The Georgia Republican made the comments in a Senate Armed Service Committee hearing Tuesday as he was lecturing the heads of the military branches about the need to prevent sexual assaults. Chambliss, who is retiring from the Senate next year, was already the cosponsor of two bills, S 871 and S 548, which strengthen the prosecution of military rapes, and he favors removing commanders’ authority to overturn rape convictions by a jury.
“The young folks that are coming into each of your services are anywhere from 17 to 22 or 23. Gee whiz, that’s -- the level of -- the hormone level created by nature sets in place the possibility for these types of things to occur,” said Chambliss. “So we have got to be very careful how we address it on our side (in the Senate), but guys we’re not doing our jobs. You’re not doing yours, and we’re not doing ours with the rates that we are seeing on sexual assaults.”
Democrats soon sent messages on social media blasting him for the comment and for implying that rape was a matter of “boys will be boys.”
The Democratic Party of Georgia sent a message on Twitter saying the comment was reason to end Republicans’ control of that Senate seat.
Debbie Wasserman Schultz, chairwoman of the Democratic National Committee, called on Chambliss to apologize.
“I think he should think about whether if, God forbid, a sexual assault happens to a daughter of his, would he think it’s OK for a senator to just chalk the assault up to raging hormones,” she told the MSNBC cable network.
Some commentators likened the hormone observation to Missouri GOP Senate candidate Todd Akin’s remark during last year’s campaign that “legitimate rape” rarely results in pregnancy unless the victim is aroused. Many observers believe Akin lost his race as a result of what he said, and Democrats have used it as proof of what they call the Republicans’ “war on women” because GOP officials were slow to distance themselves from Akin.
Not to be accused of the same thing, Rep. Mike Turner, R-Ohio, issued his own statement critical of Chambliss shortly after the Senate hearing.
“It’s simple; criminals are responsible for sexual assaults, not hormones,” said Turner, co-chair of the Military Sexual Assault Prevention Caucus. “Perpetuating this line of thinking does nothing to help change the culture of our military.”

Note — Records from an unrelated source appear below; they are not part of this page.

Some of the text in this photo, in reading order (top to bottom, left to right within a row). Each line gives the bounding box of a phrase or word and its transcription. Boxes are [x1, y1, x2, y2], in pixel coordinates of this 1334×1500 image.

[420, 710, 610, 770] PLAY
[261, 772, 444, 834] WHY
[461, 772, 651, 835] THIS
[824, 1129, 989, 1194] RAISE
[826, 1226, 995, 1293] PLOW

The perception of the comments’ toxic nature spread so fast that Wednesday a spokeswoman for the Medical College of Georgia at Georgia Health Sciences University, Christine Carter, refused a reporter’s request to speak to a medical expert on hormones.

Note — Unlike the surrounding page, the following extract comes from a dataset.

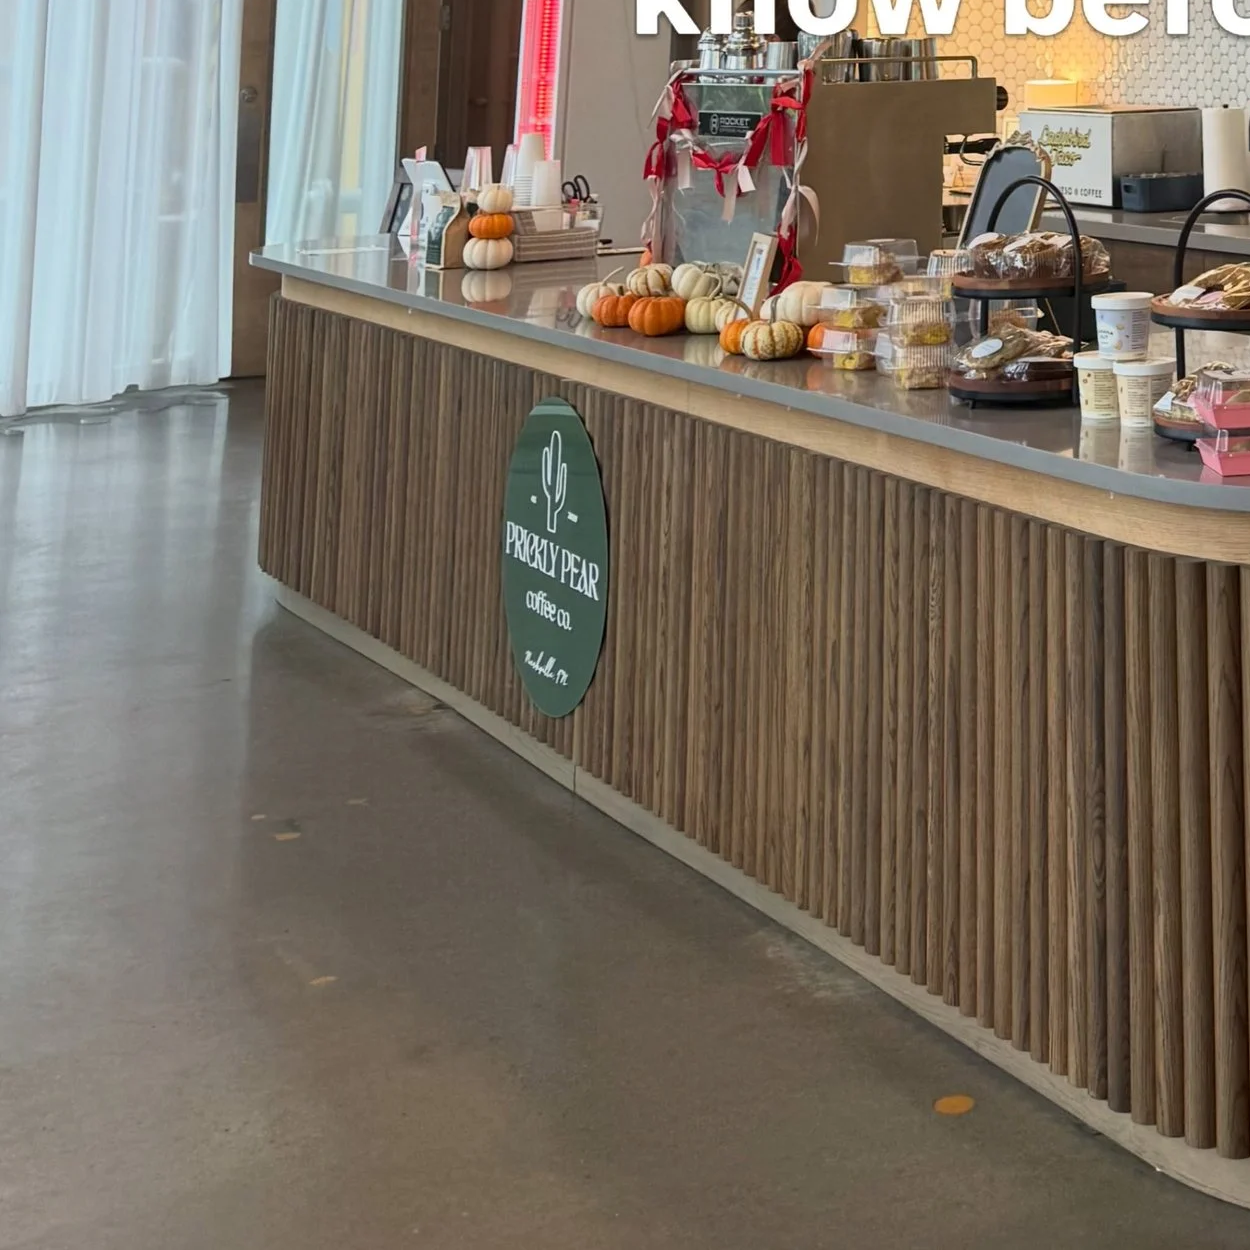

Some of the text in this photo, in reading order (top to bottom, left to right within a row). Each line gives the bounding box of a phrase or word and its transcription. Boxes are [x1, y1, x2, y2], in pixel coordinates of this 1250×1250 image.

[720, 117, 750, 126] ROCKET
[505, 520, 600, 601] PRICKLY PEAR
[526, 590, 572, 631] coffee co.

“It’s just not our policy to comment on stories about public officials if it’s not directly affecting the university,” she said, noting that the university receives appropriations from the state legislature.
Political analyst Bill Crane with CSI Crane in Atlanta said anyone speaking without a script, as Chambliss was, can stumble upon phrasing that looks bad when taken out of context.
“Politicians are like anyone else; they have unguarded moments,” Crane said, adding that there’s no reason to attack a senator who isn’t running for re-election other than to try to score political points.
He advised Chambliss to quickly apologize and say nothing else about it, noting that it would have drawn little attention except on a slow-news day.